Page Hall, UAlbany downtown campus
135 Western Avenue, Albany
Free and open to the public

(USA, 1928, 72 minutes, b/w) Directed by Charlie Chaplin


In the last film he made during the silent era, Charlie Chaplin celebrates the art of the circus, paying tribute to the acrobats, clowns and pantomime artists who inspired his immortal on-screen performances.

 

Shown in a new 2019 digital restoration of Chaplin’s 1969 re-release, and featuring his own original 1968 score.

"The Circus" premiered in New York City on January 6, 1928, and in Los Angeles --  Grauman's Chinese Theatre -- three weeks later. The review in Variety, published January 11, 1928, praised the film.

 

"For the picture patrons, all of them, and for broad, laughable fun - Chaplin's best. It's Charlie Chaplin's best fun maker for other reasons: because it is the best straightaway story he has employed for broad film making, and because here his fun stuff is nearly all entirely creative or original in the major point."

Charlie Chaplin's "The Circus"

Movie notes: 

From Mark Bourne upon the 2004 release of "The Circus: The Chaplin Collection" DVD release.

“As an actor Chaplin is in top form. The Tramp is as fine and lovable and expressive as he will ever be... By learning to wire-walk forty feet above the floor, then shooting hundreds of takes to get the big scene, Chaplin amped up his unsurpassed delicate pantomime to a climax comparable to Harold Lloyd's daredevil thrill-comedies from the same period. His longtime cameraman, Roland Totheroh, beautifully captured some of the Tramp's most poignant moments, such as the wistful closing iris on the lonesome figure strolling into the distance after the circus wagons have left him behind."

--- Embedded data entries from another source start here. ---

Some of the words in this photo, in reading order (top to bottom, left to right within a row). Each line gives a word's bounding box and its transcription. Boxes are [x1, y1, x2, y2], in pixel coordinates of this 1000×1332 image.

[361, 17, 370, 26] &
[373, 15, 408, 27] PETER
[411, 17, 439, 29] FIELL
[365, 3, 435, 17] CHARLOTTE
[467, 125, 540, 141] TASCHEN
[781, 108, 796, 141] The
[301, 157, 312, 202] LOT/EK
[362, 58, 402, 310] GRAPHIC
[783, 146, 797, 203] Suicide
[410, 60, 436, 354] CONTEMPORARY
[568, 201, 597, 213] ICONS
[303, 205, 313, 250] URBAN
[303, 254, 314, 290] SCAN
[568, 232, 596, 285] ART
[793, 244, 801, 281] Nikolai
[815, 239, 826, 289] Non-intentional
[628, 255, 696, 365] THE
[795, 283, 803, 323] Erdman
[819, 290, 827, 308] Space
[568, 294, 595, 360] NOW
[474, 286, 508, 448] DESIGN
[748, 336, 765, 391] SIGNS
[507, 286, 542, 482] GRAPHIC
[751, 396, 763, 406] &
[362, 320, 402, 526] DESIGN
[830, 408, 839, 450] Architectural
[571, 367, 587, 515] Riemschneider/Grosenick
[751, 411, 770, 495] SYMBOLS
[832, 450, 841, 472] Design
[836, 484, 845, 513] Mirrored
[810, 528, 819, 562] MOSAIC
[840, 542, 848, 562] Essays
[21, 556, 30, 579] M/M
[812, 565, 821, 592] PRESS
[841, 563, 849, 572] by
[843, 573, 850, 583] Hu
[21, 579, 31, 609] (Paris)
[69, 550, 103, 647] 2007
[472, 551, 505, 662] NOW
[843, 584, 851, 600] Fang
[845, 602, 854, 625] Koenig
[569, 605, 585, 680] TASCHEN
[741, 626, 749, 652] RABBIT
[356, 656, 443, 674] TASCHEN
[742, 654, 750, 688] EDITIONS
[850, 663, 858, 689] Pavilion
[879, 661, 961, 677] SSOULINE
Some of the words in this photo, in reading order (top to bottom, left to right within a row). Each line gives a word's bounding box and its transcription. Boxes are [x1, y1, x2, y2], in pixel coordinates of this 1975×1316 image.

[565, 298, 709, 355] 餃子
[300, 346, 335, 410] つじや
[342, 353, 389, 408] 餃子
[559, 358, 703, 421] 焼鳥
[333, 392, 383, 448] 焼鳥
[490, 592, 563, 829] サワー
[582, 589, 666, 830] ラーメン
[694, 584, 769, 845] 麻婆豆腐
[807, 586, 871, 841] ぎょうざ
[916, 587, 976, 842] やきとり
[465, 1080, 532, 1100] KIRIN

Merna Kennedy, Charlie Chaplin and Henry Bergman in "The Circus"

Merna Kennedy, Charlie Chaplin and Henry Bergman in "The Circus"

About The Classic Film Series

The NYS Writers Institute’s Classic Film Series, presented with support from Marc Guggenheim, UAlbany Class of ‘92, features screenings of domestic and international films of distinction and film festivals devoted to the work of particular directors, producers, or screenwriters.

The series has included rare films culled from archives and private collections, pre-release screenings from major studios, contemporary international offerings, as well as classics made in the U.S. The Institute will launch the Albany Film Festival in March 2020.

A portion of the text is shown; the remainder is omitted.